In a statement issued on Tuesday, North Dakota Senator John Hoeven said that the Acting Secretary of the Army Robert Speer informed him that he has directed the Corps to grant the easement needed to complete the DAPL.

“This will enable the company to complete the project, which can and will be built with the necessary safety features to protect the Standing Rock Sioux Tribe and others downstream,” Hoeven said.

Hoeven added that the Corps, the Department of Justice, the Department of Interior and the Department of Homeland Security are working to secure additional federal law enforcement resources to support state and local law enforcement.

The Corps has not commented on the matter yet or issued the easement.

President Donald Trump signed an executive order earlier this month calling for the Assistant Secretary of the Army for Civil Works and the Corps to “review and approve in an expedited manner” requests to construct and operate the DAPL.

Native American and environmentalist groups have been staging protests against the DAPL, citing concerns about potential impacts to nearby waterways.

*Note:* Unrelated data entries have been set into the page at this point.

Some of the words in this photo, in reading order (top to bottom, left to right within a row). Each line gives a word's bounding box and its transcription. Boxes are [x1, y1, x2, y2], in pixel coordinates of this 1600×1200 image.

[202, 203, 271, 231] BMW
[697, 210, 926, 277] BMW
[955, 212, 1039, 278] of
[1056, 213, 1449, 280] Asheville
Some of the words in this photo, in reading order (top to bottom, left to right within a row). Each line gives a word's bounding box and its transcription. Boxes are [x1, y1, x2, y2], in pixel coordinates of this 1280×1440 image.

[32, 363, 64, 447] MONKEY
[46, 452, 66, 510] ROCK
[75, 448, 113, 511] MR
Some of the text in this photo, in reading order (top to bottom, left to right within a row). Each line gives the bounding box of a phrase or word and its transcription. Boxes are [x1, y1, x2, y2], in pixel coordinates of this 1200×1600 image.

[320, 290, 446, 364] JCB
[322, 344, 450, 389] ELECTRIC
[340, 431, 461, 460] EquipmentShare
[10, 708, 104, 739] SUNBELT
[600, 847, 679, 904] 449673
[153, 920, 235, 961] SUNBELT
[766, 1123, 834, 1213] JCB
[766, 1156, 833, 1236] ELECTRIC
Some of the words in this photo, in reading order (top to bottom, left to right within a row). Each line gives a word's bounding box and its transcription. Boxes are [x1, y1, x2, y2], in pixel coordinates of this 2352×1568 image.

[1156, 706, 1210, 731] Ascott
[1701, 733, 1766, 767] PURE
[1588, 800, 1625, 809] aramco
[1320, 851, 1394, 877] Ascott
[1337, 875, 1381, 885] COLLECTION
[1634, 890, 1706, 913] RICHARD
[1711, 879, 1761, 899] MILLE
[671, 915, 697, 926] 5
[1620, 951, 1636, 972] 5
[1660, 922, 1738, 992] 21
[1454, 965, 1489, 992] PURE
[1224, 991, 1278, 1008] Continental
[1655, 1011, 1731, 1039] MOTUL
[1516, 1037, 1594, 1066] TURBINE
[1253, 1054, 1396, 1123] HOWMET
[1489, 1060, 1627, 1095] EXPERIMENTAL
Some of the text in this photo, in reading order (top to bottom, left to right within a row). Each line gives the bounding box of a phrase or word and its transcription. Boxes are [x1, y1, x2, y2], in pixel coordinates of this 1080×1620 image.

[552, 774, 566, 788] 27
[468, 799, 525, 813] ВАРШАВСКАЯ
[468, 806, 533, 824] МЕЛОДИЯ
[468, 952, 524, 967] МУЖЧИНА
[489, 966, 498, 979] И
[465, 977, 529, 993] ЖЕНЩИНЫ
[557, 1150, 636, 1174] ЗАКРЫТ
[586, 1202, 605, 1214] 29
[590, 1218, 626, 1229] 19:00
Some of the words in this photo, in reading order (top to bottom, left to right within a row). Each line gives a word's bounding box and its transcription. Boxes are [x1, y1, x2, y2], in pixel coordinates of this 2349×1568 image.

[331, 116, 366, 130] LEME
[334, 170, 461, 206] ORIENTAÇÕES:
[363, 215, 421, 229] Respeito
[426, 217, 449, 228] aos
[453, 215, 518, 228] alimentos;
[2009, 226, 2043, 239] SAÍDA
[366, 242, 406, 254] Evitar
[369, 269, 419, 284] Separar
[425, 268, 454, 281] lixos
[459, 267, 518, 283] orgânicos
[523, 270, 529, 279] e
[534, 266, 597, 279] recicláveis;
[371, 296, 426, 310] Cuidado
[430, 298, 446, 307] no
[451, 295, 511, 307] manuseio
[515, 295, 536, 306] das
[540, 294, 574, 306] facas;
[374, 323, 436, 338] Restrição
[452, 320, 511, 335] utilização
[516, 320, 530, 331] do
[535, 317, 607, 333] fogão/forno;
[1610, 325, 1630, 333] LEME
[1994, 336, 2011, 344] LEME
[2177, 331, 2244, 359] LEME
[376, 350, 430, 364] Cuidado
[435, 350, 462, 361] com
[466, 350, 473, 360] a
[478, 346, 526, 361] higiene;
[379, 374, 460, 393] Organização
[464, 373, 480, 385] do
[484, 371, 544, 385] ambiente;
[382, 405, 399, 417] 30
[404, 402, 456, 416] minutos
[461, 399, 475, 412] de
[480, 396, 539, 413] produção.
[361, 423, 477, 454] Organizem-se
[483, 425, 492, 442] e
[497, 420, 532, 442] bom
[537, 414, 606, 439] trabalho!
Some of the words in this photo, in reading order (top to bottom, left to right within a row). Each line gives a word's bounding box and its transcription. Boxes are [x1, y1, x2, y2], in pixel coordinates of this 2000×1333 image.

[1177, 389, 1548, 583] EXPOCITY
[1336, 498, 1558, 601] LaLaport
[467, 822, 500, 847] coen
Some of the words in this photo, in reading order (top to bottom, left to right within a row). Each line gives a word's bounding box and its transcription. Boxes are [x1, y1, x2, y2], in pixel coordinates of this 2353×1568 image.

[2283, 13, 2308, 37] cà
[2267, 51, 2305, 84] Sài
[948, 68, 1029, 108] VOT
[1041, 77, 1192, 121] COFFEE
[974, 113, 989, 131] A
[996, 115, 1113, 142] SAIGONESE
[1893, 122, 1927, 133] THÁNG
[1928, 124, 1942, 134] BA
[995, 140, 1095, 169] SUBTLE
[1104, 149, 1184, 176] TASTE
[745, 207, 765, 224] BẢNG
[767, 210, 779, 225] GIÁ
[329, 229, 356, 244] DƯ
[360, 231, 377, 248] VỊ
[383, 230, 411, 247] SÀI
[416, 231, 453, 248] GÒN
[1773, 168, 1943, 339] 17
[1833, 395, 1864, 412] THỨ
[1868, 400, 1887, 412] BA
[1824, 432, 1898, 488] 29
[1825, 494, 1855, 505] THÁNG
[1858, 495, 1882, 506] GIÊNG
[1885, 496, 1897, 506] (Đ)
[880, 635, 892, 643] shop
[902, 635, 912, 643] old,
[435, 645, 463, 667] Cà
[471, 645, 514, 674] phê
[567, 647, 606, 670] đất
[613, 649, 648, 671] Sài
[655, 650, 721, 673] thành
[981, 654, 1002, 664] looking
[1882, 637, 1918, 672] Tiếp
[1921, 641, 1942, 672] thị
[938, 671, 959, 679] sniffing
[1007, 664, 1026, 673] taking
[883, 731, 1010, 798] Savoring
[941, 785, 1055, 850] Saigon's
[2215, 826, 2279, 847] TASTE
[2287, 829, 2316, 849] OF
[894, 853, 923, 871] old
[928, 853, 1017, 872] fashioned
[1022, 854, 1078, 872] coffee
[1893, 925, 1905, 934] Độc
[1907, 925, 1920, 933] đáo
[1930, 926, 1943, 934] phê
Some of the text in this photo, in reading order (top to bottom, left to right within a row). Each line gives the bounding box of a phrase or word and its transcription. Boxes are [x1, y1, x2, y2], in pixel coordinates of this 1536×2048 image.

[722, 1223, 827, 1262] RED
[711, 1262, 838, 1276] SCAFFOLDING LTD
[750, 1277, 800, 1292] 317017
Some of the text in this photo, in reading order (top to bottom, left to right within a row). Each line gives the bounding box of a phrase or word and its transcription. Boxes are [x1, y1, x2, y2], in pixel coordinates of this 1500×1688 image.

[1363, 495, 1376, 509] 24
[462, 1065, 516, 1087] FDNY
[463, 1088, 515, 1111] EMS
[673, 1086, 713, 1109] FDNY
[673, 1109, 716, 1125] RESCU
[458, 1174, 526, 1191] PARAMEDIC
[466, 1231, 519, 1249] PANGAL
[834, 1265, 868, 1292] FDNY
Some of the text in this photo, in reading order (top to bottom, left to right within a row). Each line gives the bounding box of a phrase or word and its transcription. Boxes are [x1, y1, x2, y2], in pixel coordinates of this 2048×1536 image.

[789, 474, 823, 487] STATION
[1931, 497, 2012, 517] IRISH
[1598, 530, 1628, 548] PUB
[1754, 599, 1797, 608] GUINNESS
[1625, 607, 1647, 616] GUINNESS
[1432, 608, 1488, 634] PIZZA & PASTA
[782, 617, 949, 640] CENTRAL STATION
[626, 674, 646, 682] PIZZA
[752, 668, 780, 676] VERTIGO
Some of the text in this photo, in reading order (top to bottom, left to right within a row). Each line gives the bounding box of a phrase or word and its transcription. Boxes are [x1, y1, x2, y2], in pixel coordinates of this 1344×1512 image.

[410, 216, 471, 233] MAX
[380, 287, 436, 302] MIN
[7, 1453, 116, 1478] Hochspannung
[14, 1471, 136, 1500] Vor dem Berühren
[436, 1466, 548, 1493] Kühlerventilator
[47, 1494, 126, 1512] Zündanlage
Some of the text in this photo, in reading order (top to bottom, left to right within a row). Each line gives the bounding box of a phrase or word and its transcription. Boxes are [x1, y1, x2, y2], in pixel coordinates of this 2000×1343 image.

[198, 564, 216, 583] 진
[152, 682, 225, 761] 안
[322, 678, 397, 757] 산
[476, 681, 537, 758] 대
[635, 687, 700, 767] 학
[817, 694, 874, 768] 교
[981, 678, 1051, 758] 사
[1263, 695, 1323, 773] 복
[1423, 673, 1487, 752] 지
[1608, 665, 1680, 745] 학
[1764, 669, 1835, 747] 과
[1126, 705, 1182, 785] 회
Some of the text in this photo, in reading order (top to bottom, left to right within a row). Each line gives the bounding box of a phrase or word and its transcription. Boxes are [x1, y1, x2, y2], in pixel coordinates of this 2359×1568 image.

The Corps halted work on the remaining stretch of the DAPL last year after refusing   to grant an easement that would allow the line to travel under Lake Oahe in North Dakota.

The Corps’ decision followed a lawsuit filed by the Standing Rock Sioux Tribe last year that alleged the Corps violated historic preservation and environmental laws when it approved the project.

The Corps continued to delay construction despite a federal judge ruling in September that construction could move forward.

The Army’s Assistant Secretary for Civil Works Jo-Ellen Darcy said in the December that her department would “not approve an easement that would allow the proposed Dakota Access Pipeline to cross under Lake Oahe in North Dakota.”

Darcy said alternative routes for the pipeline will likely be explored through an  Environmental Impact Statement with full public input and analysis.

Energy Transfer Partners (ETP) and Sunoco Logistics Partners (SXL) called the Army’s decision the latest in a “series of overt and transparent political actions” undertaken by the Obama administration.

SXL agreed in November to acquire ETP in a unit-for-unit transaction worth over $20 billion.

In a statement, ETP and Sunoco Logistics Partners (SXL) called the Army’s decision the latest in a “series of overt and transparent political actions” undertaken by the Obama administration.

The companies added that the remain “fully committed” to completing the pipeline without any rerouting in or around Lake Oahe.